Because the keys are of different length, the overlap of the repeat is different for each key and so creates a derived key the length of Key one time Key two. This logic repeats for the rest of the keys. The reason for Prime numbers is that the repeating would occur on a division of the key length so you want the division to be 1 or the length of the key, hense, prime.
OK, granted, this is more than a simple XOR on the file but the concept is the same.
Lance
I'm just protecting against casual viewers
As long as this assumption holds, your encryption scheme is ok. People who think that Internet Explorer is "teh internets" are not capable of breaking it.
If not, just use some crypto library. There are already many good algorithms like Blowfish or AES for symmetric crypto.
The target of a good encryption is to make it mathematically difficult to decrypt without the key.
This includes the desire to protect the key itself.
The XOR technique is basically a very simple cipher easily broken as described here.
It is important to note that XOR is used within cryptographic algorithms.
These algorithms work on the introduction of mathematical difficulty around it.
Norton's Anti-virus used to use a technique of using the previous unencrypted letter as the key for next letter. That took me an extra half-hour to figure out, if I recall correctly.
If you just want to stop the casual viewer, it's good enough; I've used to hide strings within executables. It won't stand up 10 minutes to anyone who actually tries, however.
That all said, these days there are much better encryption methods readily available, so why not avail yourself of something better. If you are trying to just hide from the "casual" user, even something like gzip would do that job better.
Another trick is to generate a md5() hash for your password. You can make it even more unique by using the length of the protected text as an offset or combining it with your password to provide better distribution for short phrases. And for long phrases, evolve your md5() hash by combining each 16-byte block with the previous hash -- making the entire XOR key "random" and non-repetitive.
RC4 is essentially XOR encryption! As are many stream ciphers - the key is the key (no pun intended!) you must NEVER reuse the key.
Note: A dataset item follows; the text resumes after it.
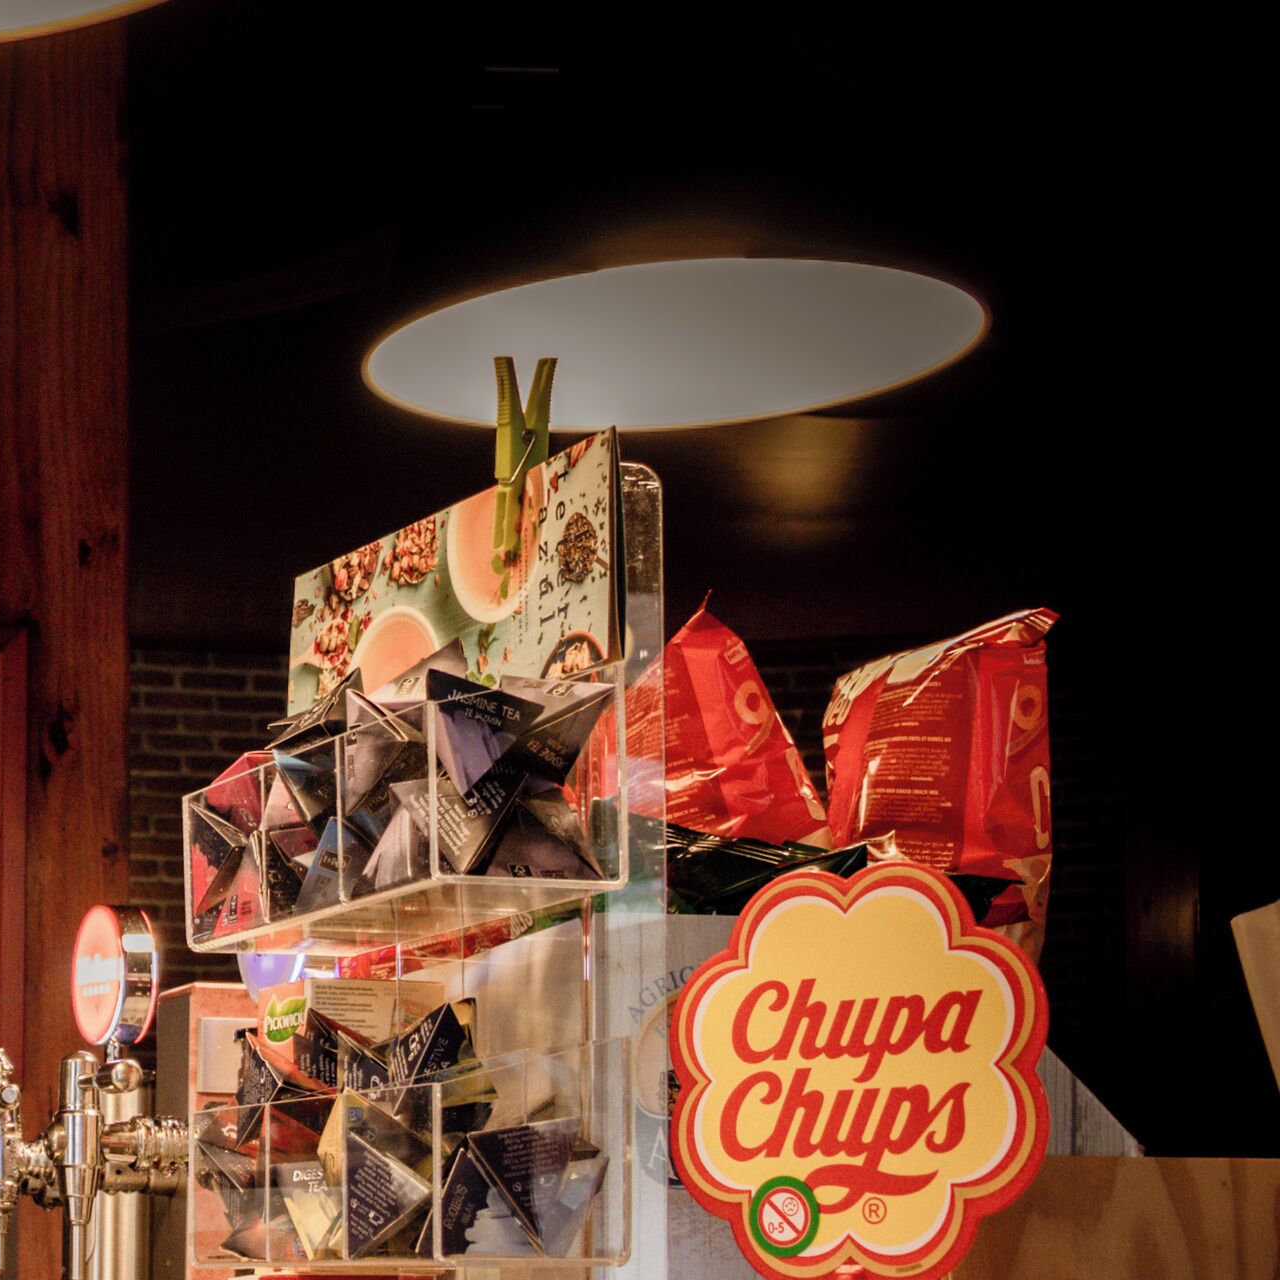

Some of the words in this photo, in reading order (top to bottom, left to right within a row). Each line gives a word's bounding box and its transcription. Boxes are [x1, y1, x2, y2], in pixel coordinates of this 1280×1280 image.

[501, 703, 522, 722] TEA
[731, 978, 983, 1084] Chupa
[719, 1067, 972, 1185] Chups
EVER!
I'm a little late in answering, but since no one has mentioned it yet: this is called a Vigenère cipher.
Wikipedia gives a number of cryptanalysis attacks to break it; even simpler, though, since most file-formats have a fixed header, would be to XOR the plaintext-header with the encrypted-header, giving you the key.
That ">6%" GeneQ mentions is the index of coincidence for English telegraph text - 26 letters, with punctuation and numerals spelled out. The actual value for long texts is 0.0665.
The <4% is the index of coincidence for random text in a 26-character alphabet, which is 1/26, or 0.385.
If you're using a different language or a different alphabet, the specific values will different. If you're using the ASCII character set, Unicode, or binary bytes, the specific values will be very different. But the difference between the IC of plaintext and random text will usually be present. (Compressed binaries may have ICs very close to that of random, and any file encrypted with any modern computer cipher will have an IC that is exactly that of random text.)
Once you've XORed the text against itself, what you have left is equivalent to an autokey cipher. Wikipedia has a good example of breaking such a cipher
http://en.wikipedia.org/wiki/Autokey_cipher
If you want to keep using XOR you could easily hash the password with multiple different salts (a string that you add to a password before hashing) and then combine them to get a larger key.
E.G. use sha3-512 with 64 unique salts, then hash your password with each salt to get a 32768 bit key that you can use to encrypt a 32Kib (Kilibit) (4KiB (kilibyte)) or smaller file. Hashing this many times should be less than a second on a modern CPU.
for something more secure you could try manipulating your key during encryption like AES (Rijndael). AES actually does XOR times and modifies the key each repeat of the key using a switch table. It became an internation standard so its quite secure.